Earlier this year, for instance, what was labeled the "most diverse" Congress in history (by Pew Research) was sworn in. But even that group fell a bit short with just about 20 percent of its membership classified as non-white, while around 38 percent of the nation it governs falls into that group.
Earlier this week, an election was held. I'm not sure if the people of Michigan City just elected the most diverse Common Council in the city's history, but it's certainly in the running. The council will go from eight men and one woman, to five men (two black) and three women.
Recent census results put about 65 percent of the Michigan City population as white, and 28 percent black. While two black members of a nine-person council falls a bit shy of that mark (22 percent), it's certainly a step in the right direction, especially considering the black community wasn't directly represented on the council at all until this past election.

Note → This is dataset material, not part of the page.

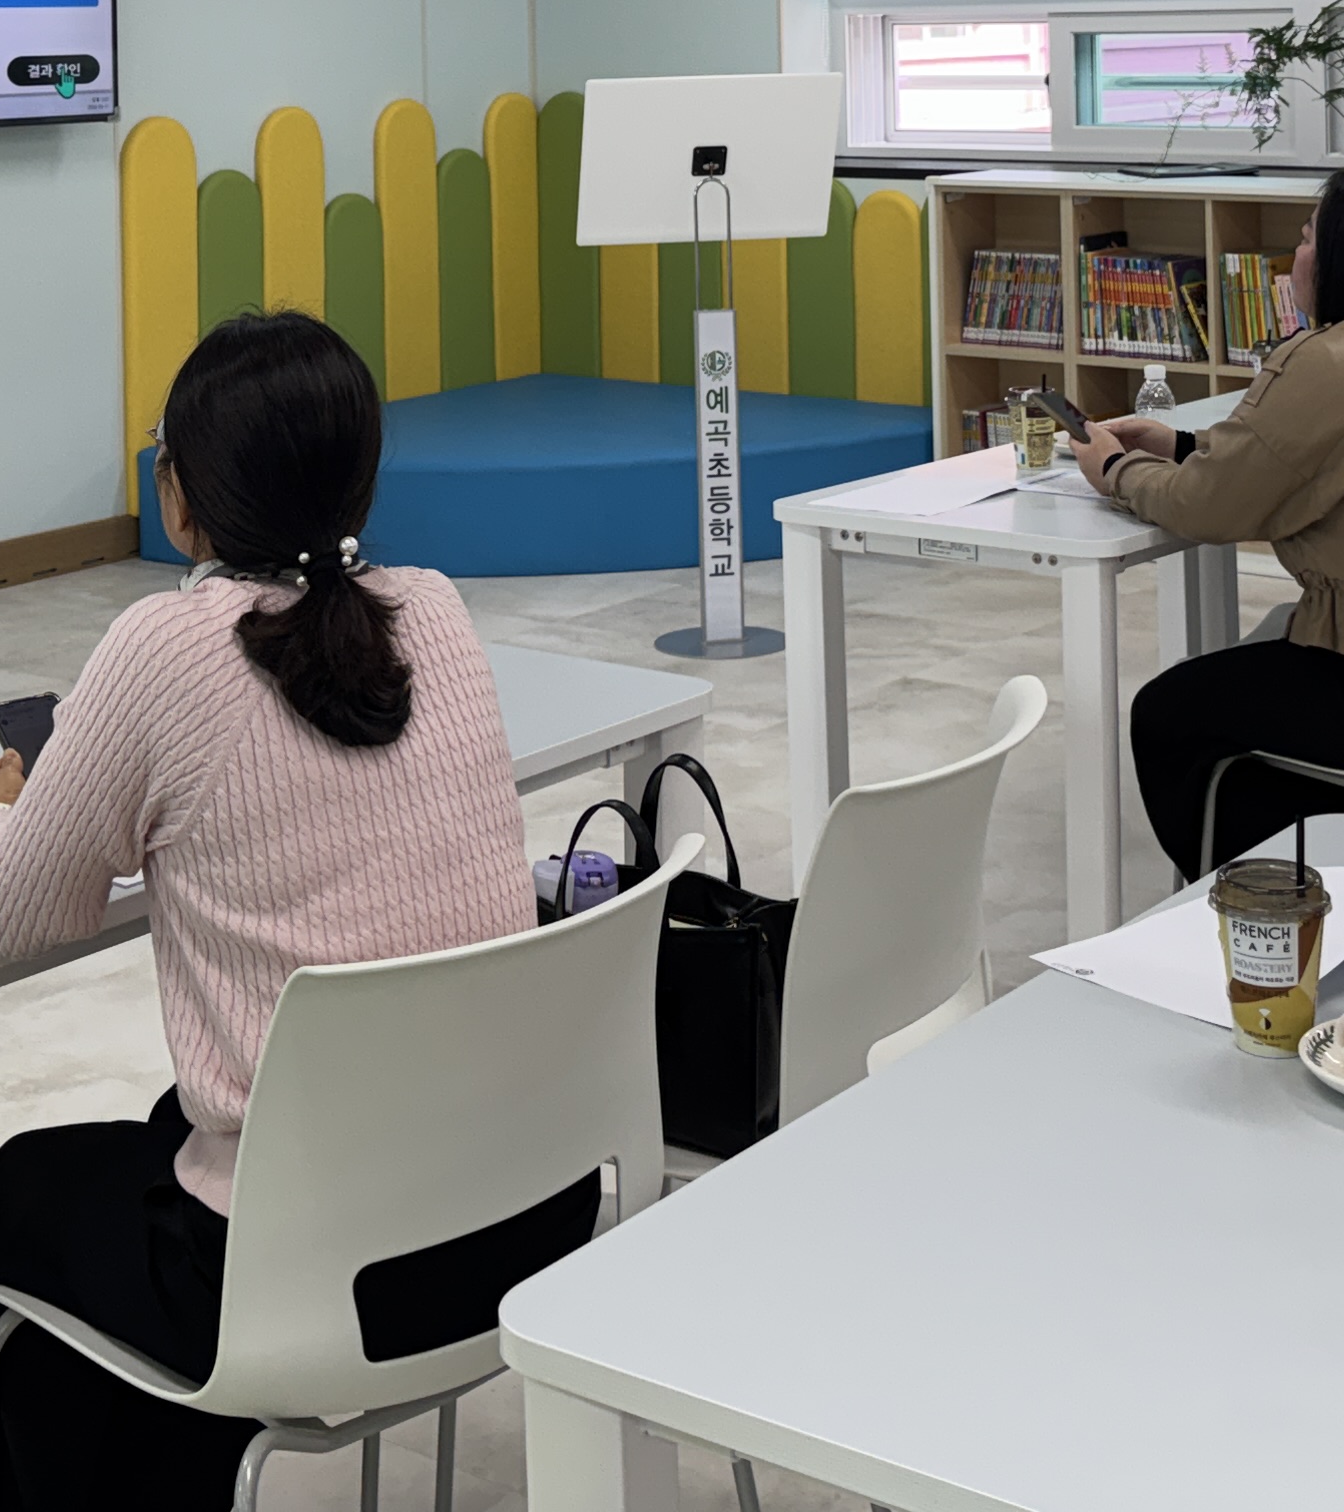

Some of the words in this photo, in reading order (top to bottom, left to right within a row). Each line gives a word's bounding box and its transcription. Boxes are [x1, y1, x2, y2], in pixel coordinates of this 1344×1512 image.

[27, 63, 53, 79] 결과
[705, 385, 735, 578] 예곡초등학교
[1232, 920, 1291, 940] FRENCH
[1233, 938, 1291, 953] CAFÉ

Same goes for the women. While around 49 percent of Michigan City is female, the council now being 33 percent women isn't exactly representative, but it's definitely better than 11 percent.
One place where the council is decidedly not diverse, though, is political affiliation. The council is 9-for-9 in the Democrat column.
What does all this mean? Is the existing council that's finishing its term underserving women and minorities? Not necessarily. Overall, this council has been a good one, I think. They've done good work, working with administration to foster revitalization efforts and to ensure city services haven't been devastated in the wake of an awful tax crisis. Those things are good for everybody.
To me, this is all about points of view. People from different walks of life with different experiences bring something unique to the table. Plus, when citizens look at the governmental bodies that represent them, it's nice to see someone in decision-making positions who might better share your world view.
As the current city council serves out its term — overall, a productive one — four new people (Candice Silvas, Sharon Carnes, Bryant Dabney and Al Whitlow) will come in, and each of them represents a minority group. As Michigan City forges ahead in efforts to reshape its image to the rest of the world, it will do it with a council that looks more like Michigan City.